Les Voiles de Saint Tropez è uno dei più importanti eventi velistici al mondo, una regata che ha luogo ogni anno a cavallo tra settembre e ottobre, attirando imbarcazioni dai quattro angoli della terra.
Per l’occasione il porto del noto villaggio si svuota di tutti gli yacht di lusso che lo popolano durante l’estate, di modo da poter accogliere alcuni tra i più belli e imponenti bateaux del mondo.
Questa gara ha avuto vita trent’anni fa sotto il nome di “La Nioulargue“, perché lo scopo è quello di doppiare una collina sottomarina che si trova al largo di Pampelonne e che si chiama proprio Nioulargue.
In generale i primi giorni della manifestazione sono occupati dalle grandi parate dei velieri, che scatenano stupore e ammirazione nel pubblico.
Un mio amico, esperto marinaio, ha vinto un concorso e ha avuto l’opportunità di partecipare alla parata inaugurale a bordo di un trimarano di venti metri di nome Ex Gitana 11. Mi ha raccontato di aver trascorso un pomeriggio mozzafiato, nonostante il vento freddo e tagliente che si era levato nel golfo di Saint Tropez.
In effetti il mistral non fa sconti a nessuno. Nel 1995, ultimo anno della manifestazione chiamata “La Nioulargue”, durante la corsa vi fu un incidente molto grave che causò una morte. Per tre anni la regata non ebbe luogo, fino al 1999, quando si decise di riprendere con questo appuntamento velistico mondiale, cambiando però il nome in “Les voiles de Saint Tropez”.
Sul sito ufficiale potete trovare tutte le informazioni pratiche dell’evento.
Si può leggere anche che:
Le mélange de yachts classiques avec des bateaux ultra modernes est la caractéristique principale des Voiles et sa véritable “marque de fabrique”.
In effetti la magia della regata risiede nel fatto che non partecipano solo barche a vela moderne e dotate di ogni tool più recente e innovativo. Ci sono velieri antichi, dei primi del novecento, perfettamente conservati o magnificamente restaurati.
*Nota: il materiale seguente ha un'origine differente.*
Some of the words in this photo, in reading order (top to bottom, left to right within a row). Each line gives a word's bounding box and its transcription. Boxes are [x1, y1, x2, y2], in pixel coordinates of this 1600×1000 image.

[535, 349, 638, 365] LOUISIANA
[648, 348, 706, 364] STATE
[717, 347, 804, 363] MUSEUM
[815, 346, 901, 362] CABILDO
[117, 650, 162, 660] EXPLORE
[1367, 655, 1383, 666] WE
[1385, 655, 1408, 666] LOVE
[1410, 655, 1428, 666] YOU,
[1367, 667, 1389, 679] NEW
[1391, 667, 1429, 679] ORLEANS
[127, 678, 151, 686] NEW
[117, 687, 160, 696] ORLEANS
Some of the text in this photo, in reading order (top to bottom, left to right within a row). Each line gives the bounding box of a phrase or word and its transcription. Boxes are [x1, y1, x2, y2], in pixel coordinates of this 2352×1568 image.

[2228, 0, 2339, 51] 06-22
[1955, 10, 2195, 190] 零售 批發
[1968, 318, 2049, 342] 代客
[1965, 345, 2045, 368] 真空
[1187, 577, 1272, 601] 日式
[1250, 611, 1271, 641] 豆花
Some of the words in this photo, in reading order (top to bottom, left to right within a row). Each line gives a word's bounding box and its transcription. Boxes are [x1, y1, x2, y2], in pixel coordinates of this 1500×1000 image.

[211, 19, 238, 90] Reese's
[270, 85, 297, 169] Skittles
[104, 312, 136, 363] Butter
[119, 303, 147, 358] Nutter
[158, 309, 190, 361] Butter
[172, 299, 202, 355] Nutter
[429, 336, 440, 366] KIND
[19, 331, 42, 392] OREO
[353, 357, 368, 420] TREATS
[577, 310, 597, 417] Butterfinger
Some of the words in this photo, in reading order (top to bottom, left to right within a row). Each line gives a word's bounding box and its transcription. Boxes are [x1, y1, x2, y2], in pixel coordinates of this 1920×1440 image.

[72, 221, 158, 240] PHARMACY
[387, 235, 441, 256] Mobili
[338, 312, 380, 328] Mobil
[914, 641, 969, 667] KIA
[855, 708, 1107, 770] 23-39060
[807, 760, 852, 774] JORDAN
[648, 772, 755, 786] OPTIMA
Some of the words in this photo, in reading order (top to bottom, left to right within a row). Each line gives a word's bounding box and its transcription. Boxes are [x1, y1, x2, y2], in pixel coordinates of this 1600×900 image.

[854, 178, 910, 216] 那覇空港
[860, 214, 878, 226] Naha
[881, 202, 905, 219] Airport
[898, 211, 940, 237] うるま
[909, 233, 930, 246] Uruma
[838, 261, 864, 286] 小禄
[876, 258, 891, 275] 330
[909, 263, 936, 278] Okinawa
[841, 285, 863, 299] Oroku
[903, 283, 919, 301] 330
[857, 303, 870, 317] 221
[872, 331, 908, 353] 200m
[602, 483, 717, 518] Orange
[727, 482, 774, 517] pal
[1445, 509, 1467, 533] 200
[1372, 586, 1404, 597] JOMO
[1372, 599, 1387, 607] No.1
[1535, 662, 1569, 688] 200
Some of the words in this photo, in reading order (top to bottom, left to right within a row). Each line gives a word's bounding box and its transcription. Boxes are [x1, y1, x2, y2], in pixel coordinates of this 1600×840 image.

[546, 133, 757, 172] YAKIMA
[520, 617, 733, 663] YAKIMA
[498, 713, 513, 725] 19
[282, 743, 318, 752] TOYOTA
I nomi sono fantasiosi e tutti diversi: Hallowe’en (è quasi ora di mettersi a scavare le zucche, in effetti), Black Legend (astenersi battute di cattivo gusto), Enterprise (forse il proprietario è un trekkie?), Oiseau de feu (un appassionato di Stravinkij?), Galvana (come ser Galvano della saga arturiana), Il moro di Venezia (fan del Bardo?), Samarkand (un omaggio a Hugo Pratt?)…
Dalla baia di Gigaro ho scattato alcune foto che ritraggono le barche a vela in lontananza.
Non sono andata a Saint Tropez di persona, sia perché trascorrerci anche solo qualche ora significa spendere molti soldi, sia perché sono molto presa dallo studio. Però ho potuto godermi un magnifico spettacolo da cartolina seduta sulla sabbia mossa dal vento, in una bella giornata di inizio ottobre.

Le barche a vela hanno un fascino tutto loro che nessuna imbarcazione a motore potrà mai sprigionare. Negli alberi che si ergono maestosi, nello spiegarsi delle vele di tessuto, nel cigolare del legno, nel respiro della barca tutta si sente la radice prima dell’arte della navigazione, si percepisce il tocco dell’uomo antico, quando grazie al suo solo intelletto e alla sua sola forza riuscì a sfruttare la potenza dei venti e a padroneggiare gli elementi a mani nude, rischiando la vita in ogni momento.
Credo che queste siano azioni che hanno lasciato un segno invisibile ed indelebile, una traccia, una vibrazione umana che si perpetua nel nostro fare e disfare. Quando ripetiamo gesti dalle origini ancestrali rinnoviamo lo sforzo del primo uomo che li compì.
Io, ogni volta che poso gli occhi su una barca a vela, non posso fare a meno di pensare a Odisseo, al suo periplo, all’acume e alla curiosità che lo condussero alla scoperta di luoghi favolosi ed esseri mostruosi.
Davvero pensiamo di essere così cambiati, noi uomini contemporanei? Davvero crediamo di discostarci molto dall’homo curiosus cantato da Omero nell’Odissea?
Io no.
Non la pensava così nemmeno Dante, che lo mise nell’inferno, non per la sua sete di conoscenza né per tracotanza, ma perché fu un consigliere fraudolento e ingannatore.
Se avessi una barca a vela tutta mia la chiamerei Odissea, o Calipso, o Nausicaa e me ne andrei anche io a gareggiare a Les voiles de Saint Tropez, sfidando il vento e gli altri velieri, solcando il mare come se fossimo la flotta achea che giunge all’Ellesponto per assediare la città di Troia.